___ Records to use
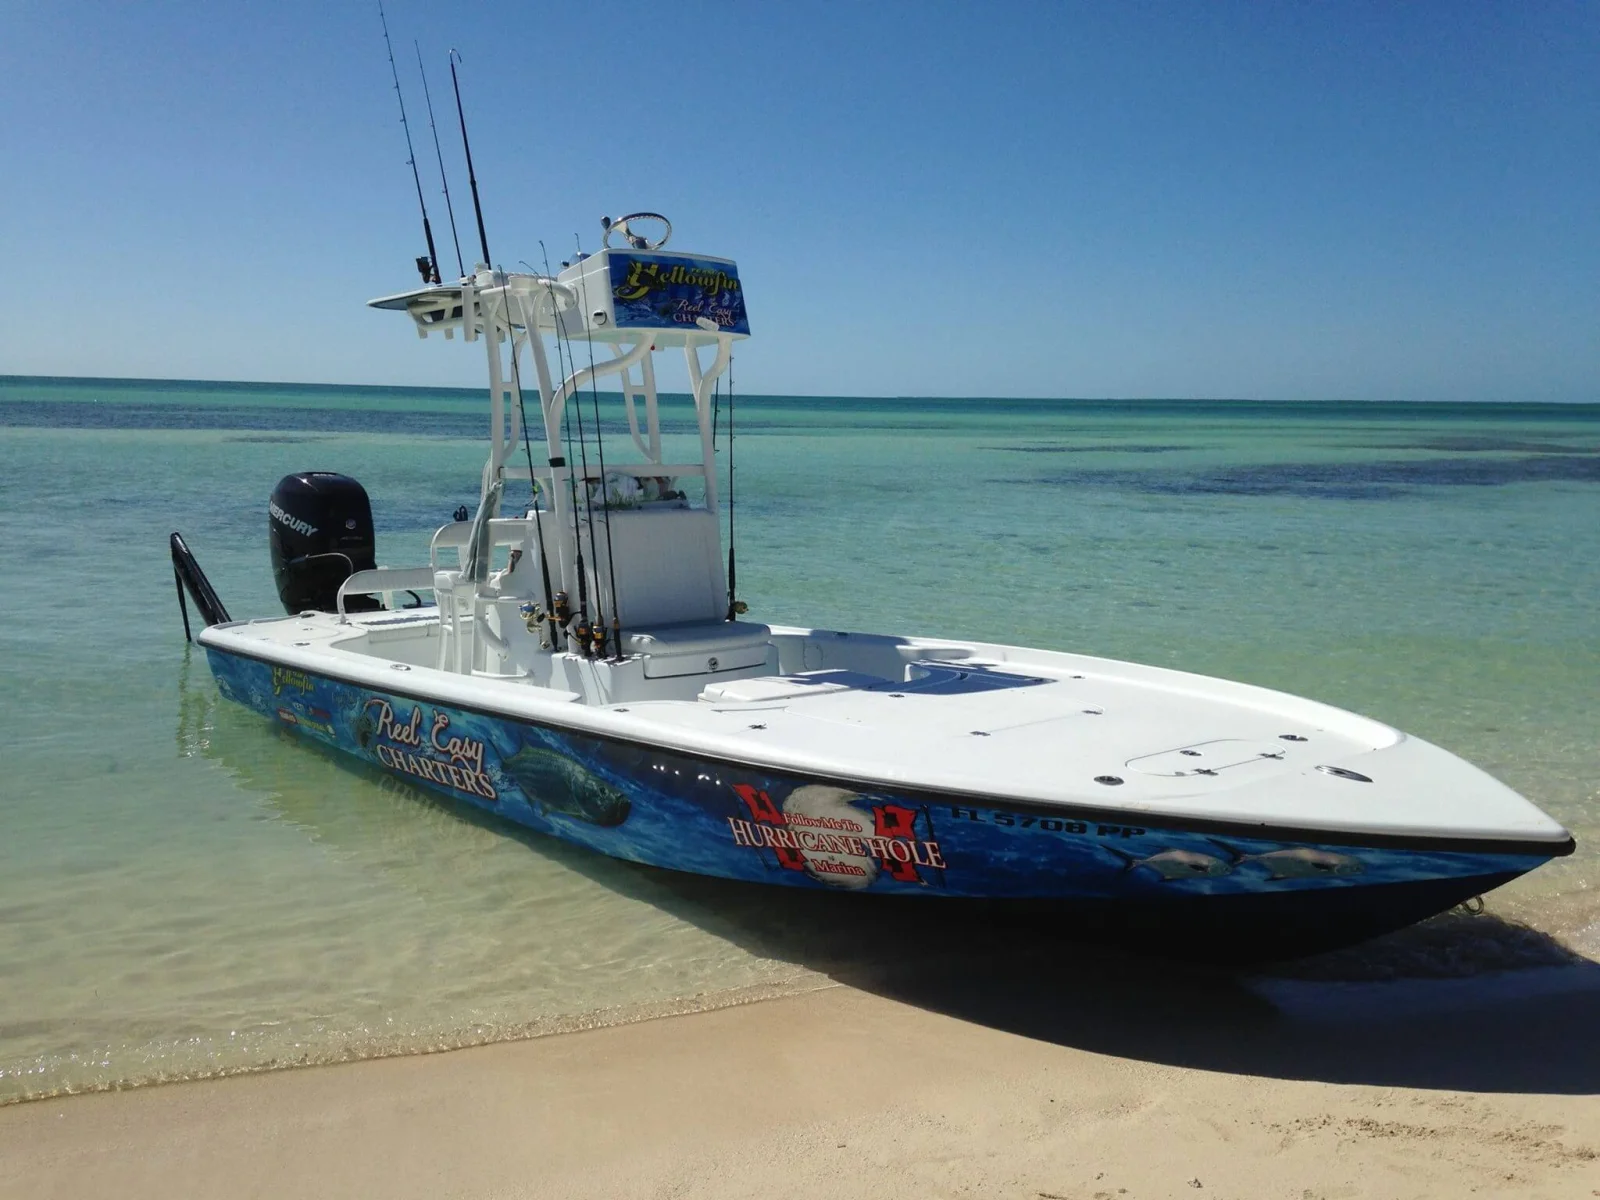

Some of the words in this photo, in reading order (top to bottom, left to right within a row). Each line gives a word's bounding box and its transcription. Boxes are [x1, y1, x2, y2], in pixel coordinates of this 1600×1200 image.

[617, 261, 737, 299] Yellowfin
[673, 313, 734, 327] CHERS
[675, 299, 704, 313] Reel
[708, 298, 732, 318] Easy
[269, 500, 319, 537] MERCURY
[365, 699, 422, 746] Reel
[431, 709, 485, 776] Easy
[376, 744, 498, 800] CHARTERS
[783, 811, 821, 828] Follow
[820, 817, 843, 831] Me
[842, 819, 863, 833] To
[951, 806, 987, 823] FL
[1097, 824, 1147, 839] PP
[727, 816, 866, 857] HURRICANE
[866, 835, 947, 870] HOLE
[811, 858, 866, 876] Marina
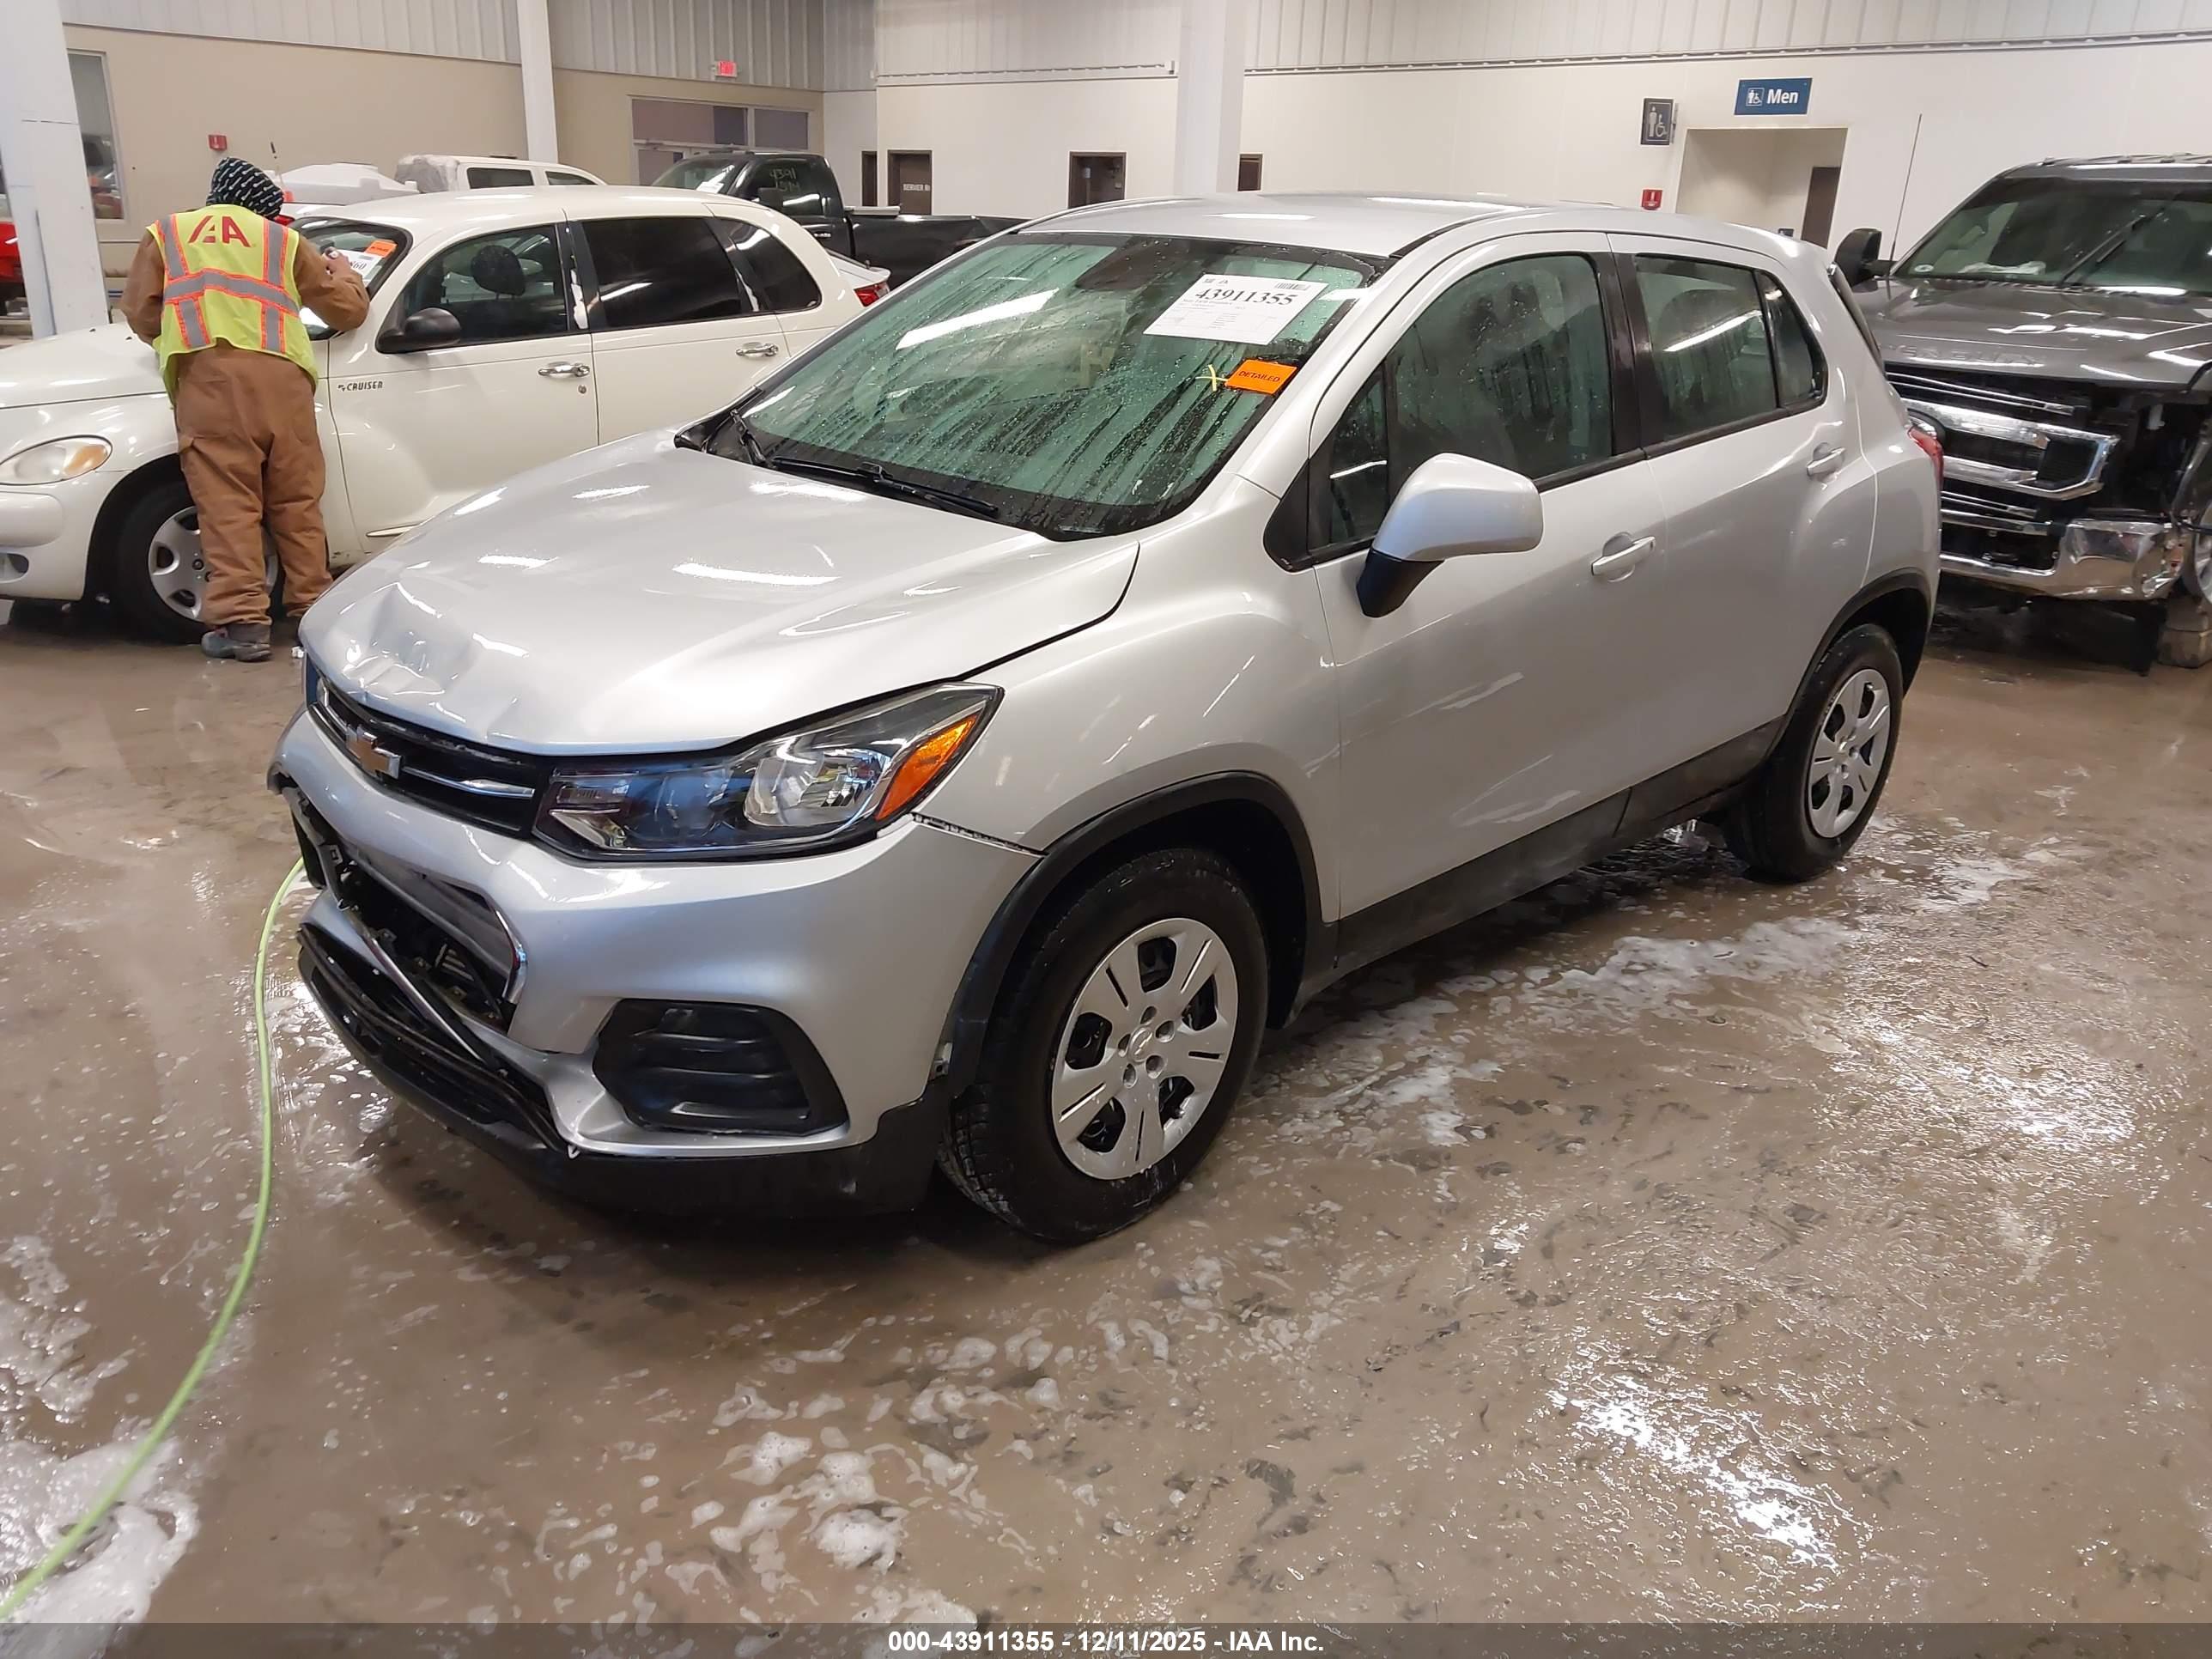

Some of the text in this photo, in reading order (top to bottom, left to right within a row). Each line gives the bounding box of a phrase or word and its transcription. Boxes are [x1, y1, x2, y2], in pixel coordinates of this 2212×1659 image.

[1766, 88, 1799, 104] Men
[1195, 288, 1299, 306] 43911355
[1238, 370, 1281, 383] DETAILED
[346, 380, 383, 392] CRUISER
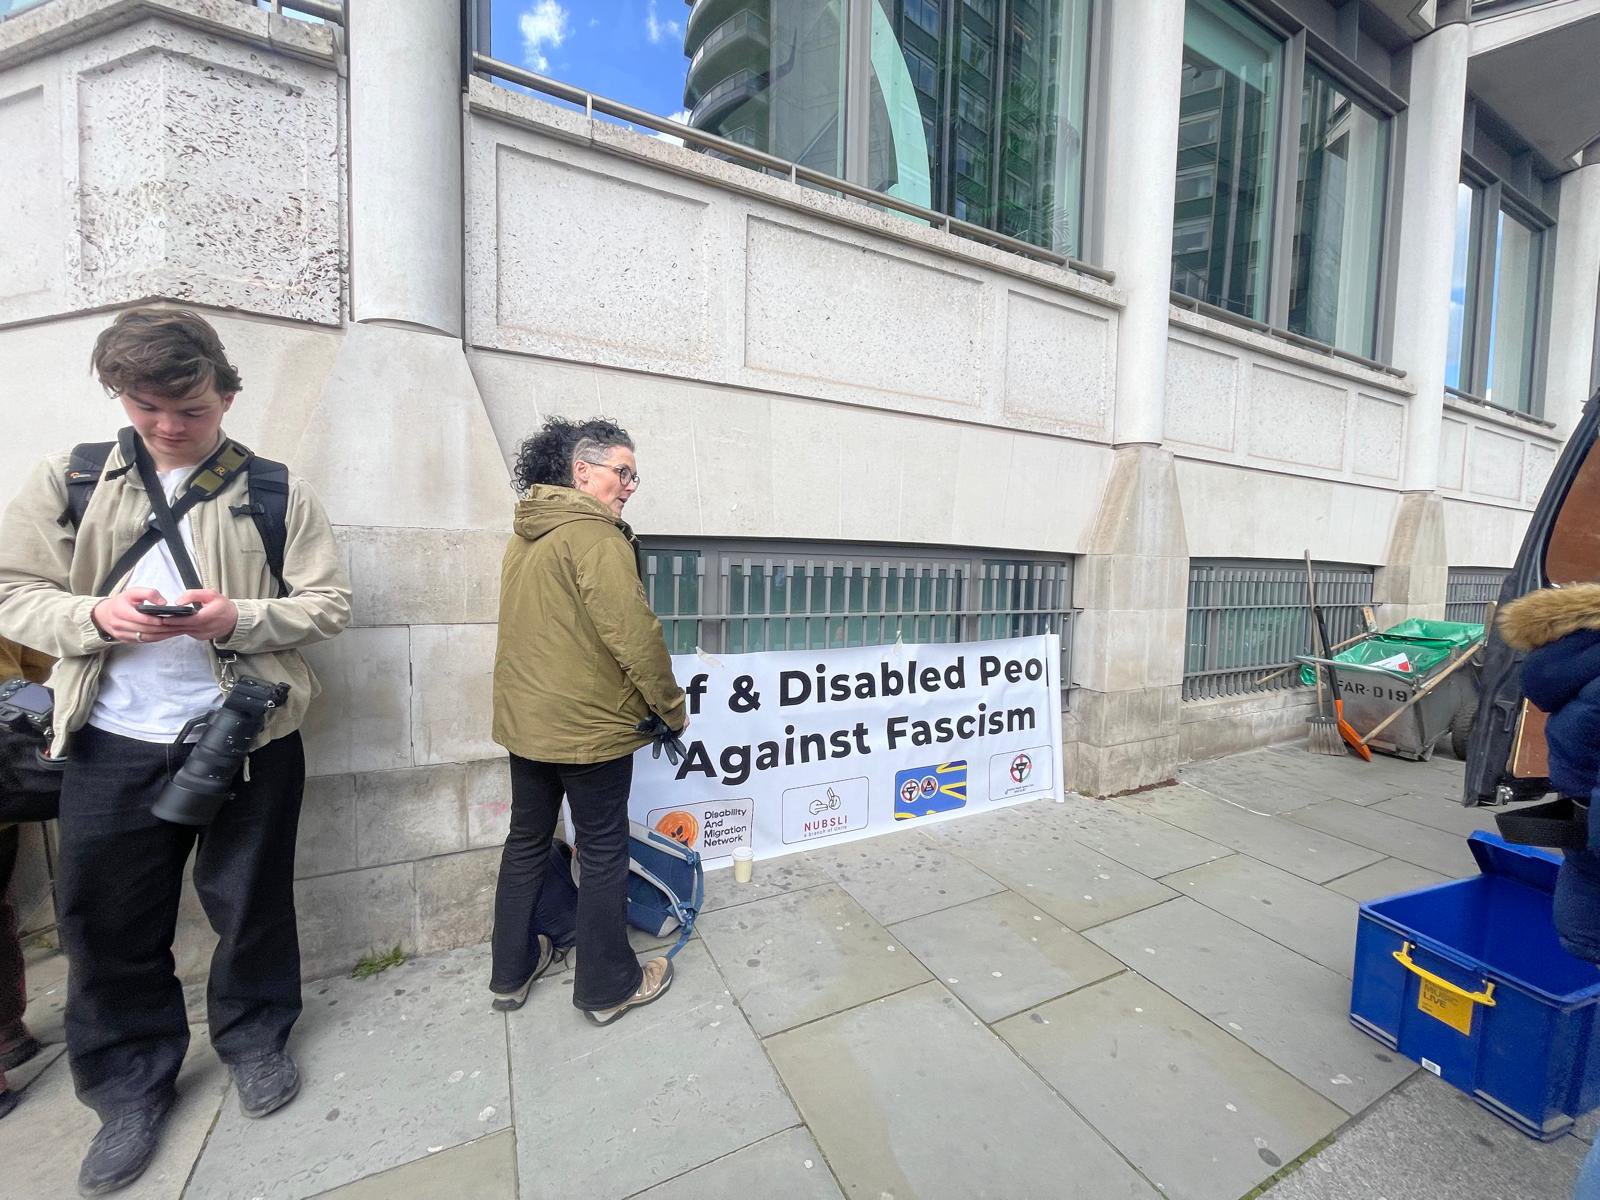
______
* _What you have to do_: Only the lines from the line containing "Some of the text" through the last line of the entries above should be reproduced, word for word and without pictures.

* _Answer below_:
Some of the text in this photo, in reading order (top to bottom, left to right within a row). Each line gives the bounding box of a phrase or word and its transcription. Boxes are [x1, y1, x2, y2], in pixel coordinates of this 2212×1659 image.

[1766, 88, 1799, 104] Men
[1195, 288, 1299, 306] 43911355
[1238, 370, 1281, 383] DETAILED
[346, 380, 383, 392] CRUISER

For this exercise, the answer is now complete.